(97a) Prediction of Optimal Chemotherapy Dosing Regimens: Balancing Tumor Degradation and Toxicity Effects

During chemotherapy, clinicians must constantly balance the dose of chemotherapeutic agents to reduce the tumor volume and minimize toxicity to the patient. The theory of optimal control can be applied for better assessment of growth-toxicity dynamics and development of drug dosage schedules. The reduction of circulating leukocytes or white blood cells (WBC) by chemotherapeutic agents (myelosuppression) is of primary concern and is often the dose-limiting factor in treatment. For these reasons, the effect of chemotherapy on a patient’s WBC population is considered as a metric of toxicity in the development of optimal dosing regimens.

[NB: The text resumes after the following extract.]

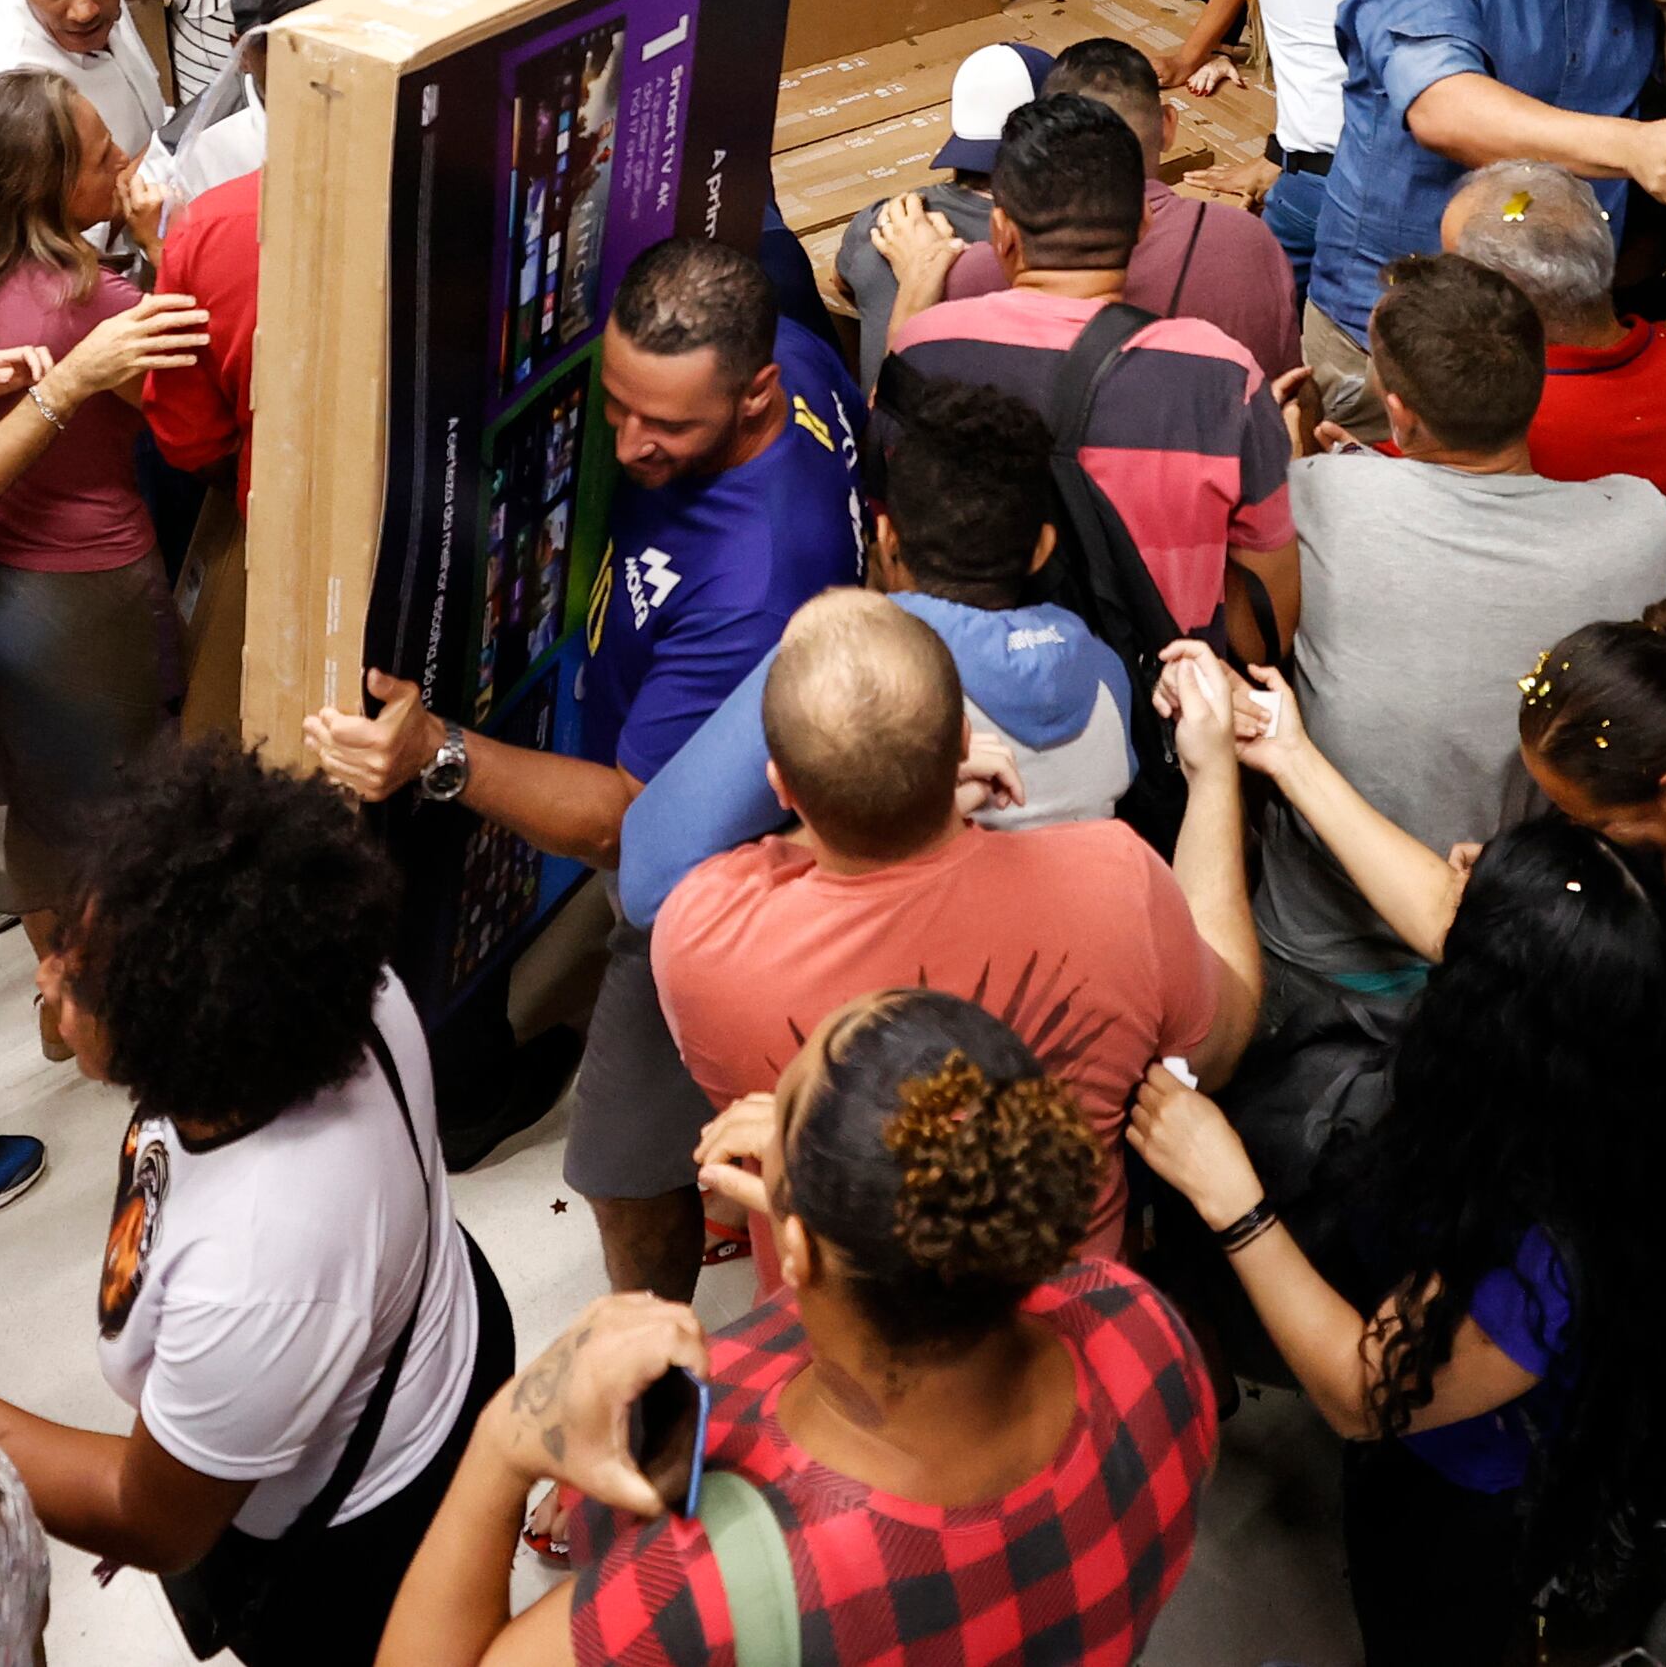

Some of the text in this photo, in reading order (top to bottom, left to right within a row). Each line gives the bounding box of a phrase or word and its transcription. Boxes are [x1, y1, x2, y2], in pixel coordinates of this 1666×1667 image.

A model is developed to include pharmacokinetic compartments to simulate the concentration of the anticancer agent in distinct parts of the body. Additionally, a more complex model of myelosuppression with demonstrated accuracy is incorporated to analyze the immunotoxic effects. This combined model is evaluated via discretized non-linear programming methods to gain insight into optimal dosage regimens for a specific anticancer agent. This model will aid in quantitating hematological toxicities and will contribute to the design of reliable, personalized tools to optimize chemotherapy and improve patient outcomes.